En las últimas semanas, varios clientes de Mercadona han empezado a notar cambios en una de las secciones más tradicionales de la tienda. La pescadería está evolucionando hacia un nuevo modelo que pone el foco en la rapidez y la comodidad.
Algunos usuarios han percibido mostradores más pequeños o incluso zonas casi vacías. En su lugar, se ofrece pescado previamente preparado, dispuesto en bandejas refrigeradas y listo para llevar.
Este proceso no es puntual, sino que forma parte de una estrategia más amplia. La compañía ya ha comenzado a implantar este formato en diferentes establecimientos y prevé extenderlo progresivamente a toda su red en los próximos años.
El cambio en la pescadería de Mercadona un modelo más ágil y adaptado al consumo actual
Mercadona ha estado realizando un exhaustivo análisis de su sección de pescadería. Según la propia compañía, su objetivo era determinar si los clientes se encontraban satisfechos con el producto.
La conclusión fue contundente: “La experiencia en casa no siempre se ajustaba a lo esperado”. Este hallazgo inició una transformación profunda en sus operaciones.
El nuevo sistema propone un modelo más práctico. Se da prioridad al pescado limpio, cortado y envasado, listo para cocinar sin necesidad de preparación previa. Este enfoque responde a nuevas tendencias de consumo. Cada vez más individuos buscan soluciones rápidas y sencillas para su rutina diaria.
Nuevo sistema de venta de pescado en Mercadona
El cambio más notable reside en el formato del producto. Actualmente, es común encontrar pescado en bandejas, preparado para su consumo.
Este modelo disminuye la necesidad de esperar turno en el mostrador. El cliente tiene la capacidad de tomar el producto directamente y continuar su compra. Según indica la compañía, el objetivo es “fomentar el consumo del pescado a través de un servicio más ágil y cercano”.
Asimismo, se persigue “reducir al mínimo el tiempo que transcurre desde que el pescado es extraído del agua hasta que se consume”. Esto refuerza la noción de frescura.
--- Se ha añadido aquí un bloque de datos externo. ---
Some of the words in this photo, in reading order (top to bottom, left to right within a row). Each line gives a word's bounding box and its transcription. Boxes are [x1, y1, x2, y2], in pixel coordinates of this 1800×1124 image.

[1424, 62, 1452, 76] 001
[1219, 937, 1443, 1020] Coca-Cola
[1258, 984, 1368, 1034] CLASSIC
Dos años de pruebas y análisis en tiendas
Precediendo la implementación de esta modificación, Mercadona llevó a cabo un análisis durante un período de dos años. Este proceso incluyó pruebas en tiendas y el estudio del comportamiento del cliente.
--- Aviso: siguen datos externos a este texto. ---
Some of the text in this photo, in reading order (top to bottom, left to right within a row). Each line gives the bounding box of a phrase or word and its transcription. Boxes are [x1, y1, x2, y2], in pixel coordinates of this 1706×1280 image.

La empresa se basó en “aportaciones reales” de los consumidores. En otras palabras, recopiló opiniones directamente en el punto de venta. A partir de estos datos, identificaron que el inconveniente no residía únicamente en el producto. También se vio afectado todo el proceso de compra y preparación.
Este diagnóstico resultó en una redefinición completa de la sección. El énfasis ahora recae en la experiencia integral del cliente. La implementación del nuevo sistema se realiza de manera progresiva. No todas las tiendas presentan aún las mismas modificaciones.
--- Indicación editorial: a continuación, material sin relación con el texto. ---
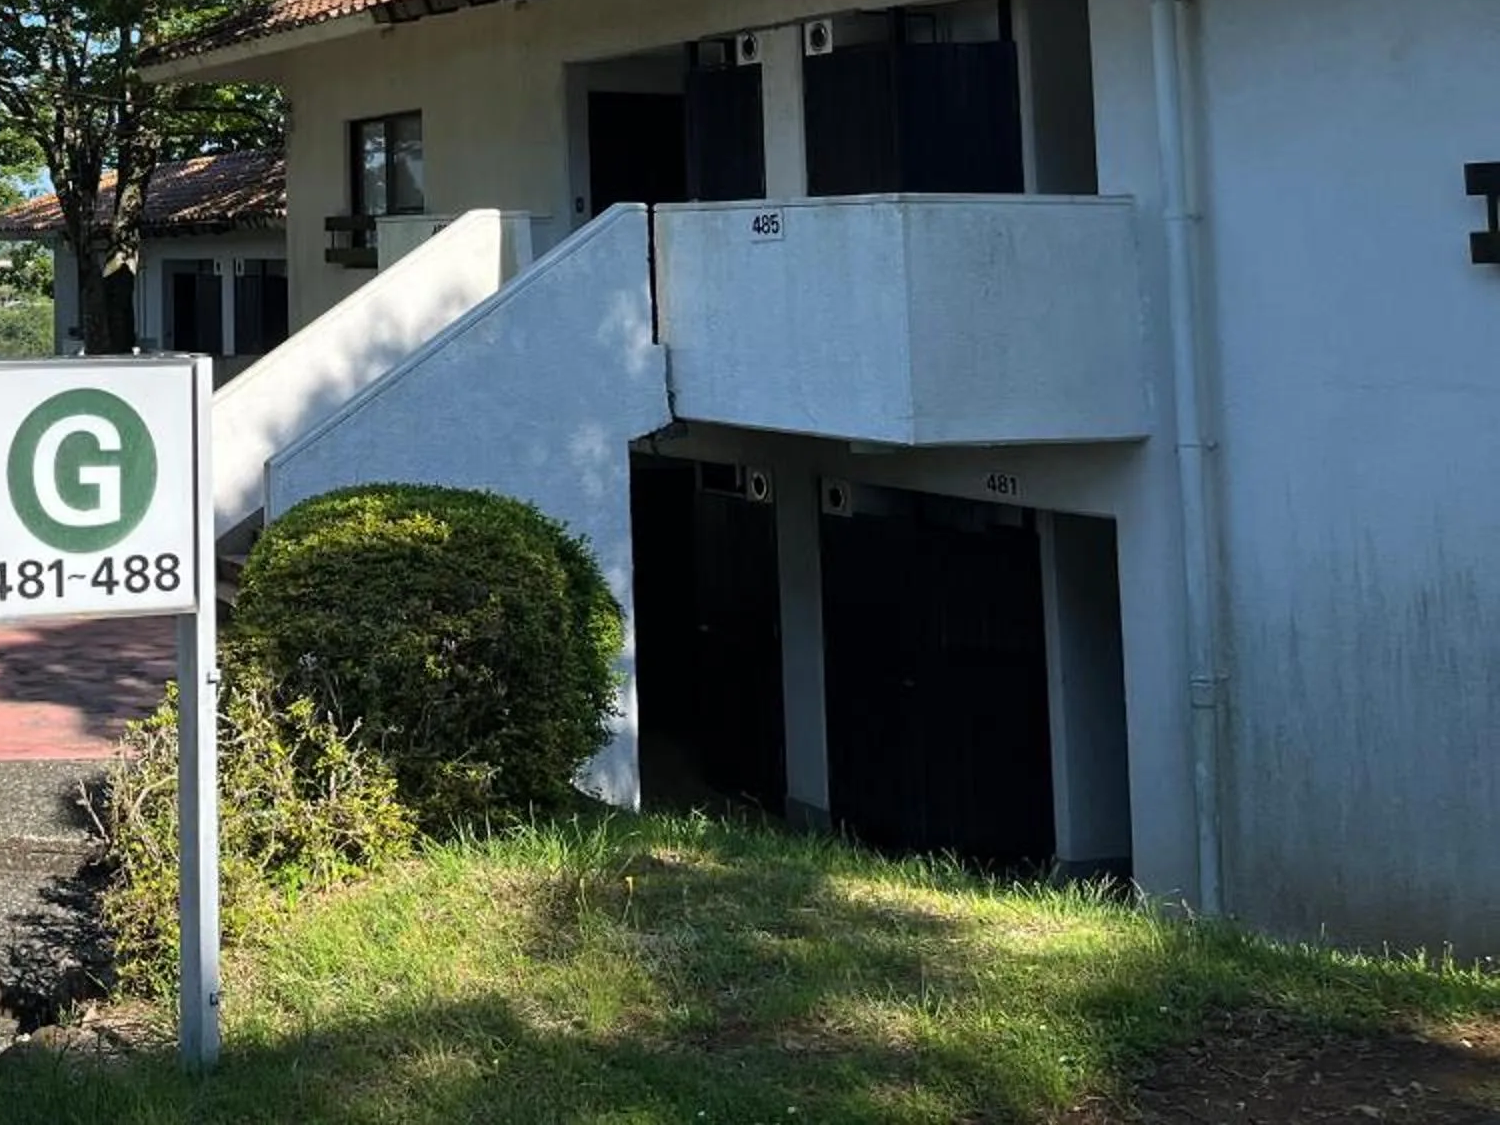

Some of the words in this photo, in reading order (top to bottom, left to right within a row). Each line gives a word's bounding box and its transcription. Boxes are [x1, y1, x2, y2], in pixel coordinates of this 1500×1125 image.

El impacto real del cambio se evidenciará en las semanas venideras. La respuesta de los clientes será determinante para su consolidación. Habrá quienes opten por el sistema tradicional, mientras que otros apreciarán la celeridad y comodidad que ofrece el nuevo formato.
Se transforma toda la cadena de suministro
El cambio no solo repercute en las tiendas, sino que conlleva una transformación en toda la cadena de suministro. La empresa ha destinado aproximadamente 130 millones de euros en préstamos a proveedores con el fin de ajustar la producción al nuevo formato.
Profand y Piscifactorías Andaluzas están implicadas en este proceso. Ambas entidades colaboran en la optimización del surtido. Juan Roig, el presidente de la compañía, expuso el cambio: “Vamos a replicar lo que está instaurado en la carne”.
De igual manera, enfatizó: “Por temas de calidad y de seguridad alimentaria, deseamos que un proveedor lo realice por nosotros”.
Lo más probable es que ambos modelos coexistirán durante un tiempo. Mercadona se esfuerza por hallar un equilibrio entre el servicio y la eficiencia.